# WHAT YOU NEED TO DO
Repeat every entry, word for word, leaving no line out.

----

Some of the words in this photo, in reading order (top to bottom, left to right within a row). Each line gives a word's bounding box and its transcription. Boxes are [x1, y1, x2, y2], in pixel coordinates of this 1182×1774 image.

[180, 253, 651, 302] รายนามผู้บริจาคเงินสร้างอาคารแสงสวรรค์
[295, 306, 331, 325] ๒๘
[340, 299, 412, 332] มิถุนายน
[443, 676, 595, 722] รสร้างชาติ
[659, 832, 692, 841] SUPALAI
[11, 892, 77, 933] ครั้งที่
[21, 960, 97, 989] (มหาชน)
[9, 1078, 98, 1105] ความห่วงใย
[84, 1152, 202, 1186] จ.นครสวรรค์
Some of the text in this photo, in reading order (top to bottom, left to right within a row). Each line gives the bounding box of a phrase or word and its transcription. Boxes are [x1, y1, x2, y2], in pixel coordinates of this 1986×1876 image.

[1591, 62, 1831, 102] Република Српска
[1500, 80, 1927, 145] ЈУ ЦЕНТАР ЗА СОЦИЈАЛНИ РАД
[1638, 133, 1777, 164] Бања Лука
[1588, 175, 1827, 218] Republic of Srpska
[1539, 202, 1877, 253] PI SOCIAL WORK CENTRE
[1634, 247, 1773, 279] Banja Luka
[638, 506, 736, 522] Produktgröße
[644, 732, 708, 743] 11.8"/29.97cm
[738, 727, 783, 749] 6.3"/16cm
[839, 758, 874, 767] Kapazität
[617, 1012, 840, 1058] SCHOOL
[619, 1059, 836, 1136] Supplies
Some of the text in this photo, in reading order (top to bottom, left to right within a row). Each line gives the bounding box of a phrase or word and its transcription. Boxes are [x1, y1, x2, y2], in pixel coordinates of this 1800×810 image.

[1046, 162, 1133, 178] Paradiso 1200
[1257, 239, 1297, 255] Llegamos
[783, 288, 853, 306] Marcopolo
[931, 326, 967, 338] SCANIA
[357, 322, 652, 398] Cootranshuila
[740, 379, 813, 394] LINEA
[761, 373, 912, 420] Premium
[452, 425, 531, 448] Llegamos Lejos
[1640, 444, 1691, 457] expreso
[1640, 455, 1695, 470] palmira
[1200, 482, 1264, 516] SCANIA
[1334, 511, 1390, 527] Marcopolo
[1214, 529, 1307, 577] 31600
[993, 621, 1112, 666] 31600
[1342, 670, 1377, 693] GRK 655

----

# ANSWER TO THE EXERCISE
Some of the words in this photo, in reading order (top to bottom, left to right within a row). Each line gives a word's bounding box and its transcription. Boxes are [x1, y1, x2, y2], in pixel coordinates of this 1182×1774 image.

[180, 253, 651, 302] รายนามผู้บริจาคเงินสร้างอาคารแสงสวรรค์
[295, 306, 331, 325] ๒๘
[340, 299, 412, 332] มิถุนายน
[443, 676, 595, 722] รสร้างชาติ
[659, 832, 692, 841] SUPALAI
[11, 892, 77, 933] ครั้งที่
[21, 960, 97, 989] (มหาชน)
[9, 1078, 98, 1105] ความห่วงใย
[84, 1152, 202, 1186] จ.นครสวรรค์
Some of the text in this photo, in reading order (top to bottom, left to right within a row). Each line gives the bounding box of a phrase or word and its transcription. Boxes are [x1, y1, x2, y2], in pixel coordinates of this 1986×1876 image.

[1591, 62, 1831, 102] Република Српска
[1500, 80, 1927, 145] ЈУ ЦЕНТАР ЗА СОЦИЈАЛНИ РАД
[1638, 133, 1777, 164] Бања Лука
[1588, 175, 1827, 218] Republic of Srpska
[1539, 202, 1877, 253] PI SOCIAL WORK CENTRE
[1634, 247, 1773, 279] Banja Luka
[638, 506, 736, 522] Produktgröße
[644, 732, 708, 743] 11.8"/29.97cm
[738, 727, 783, 749] 6.3"/16cm
[839, 758, 874, 767] Kapazität
[617, 1012, 840, 1058] SCHOOL
[619, 1059, 836, 1136] Supplies
Some of the text in this photo, in reading order (top to bottom, left to right within a row). Each line gives the bounding box of a phrase or word and its transcription. Boxes are [x1, y1, x2, y2], in pixel coordinates of this 1800×810 image.

[1046, 162, 1133, 178] Paradiso 1200
[1257, 239, 1297, 255] Llegamos
[783, 288, 853, 306] Marcopolo
[931, 326, 967, 338] SCANIA
[357, 322, 652, 398] Cootranshuila
[740, 379, 813, 394] LINEA
[761, 373, 912, 420] Premium
[452, 425, 531, 448] Llegamos Lejos
[1640, 444, 1691, 457] expreso
[1640, 455, 1695, 470] palmira
[1200, 482, 1264, 516] SCANIA
[1334, 511, 1390, 527] Marcopolo
[1214, 529, 1307, 577] 31600
[993, 621, 1112, 666] 31600
[1342, 670, 1377, 693] GRK 655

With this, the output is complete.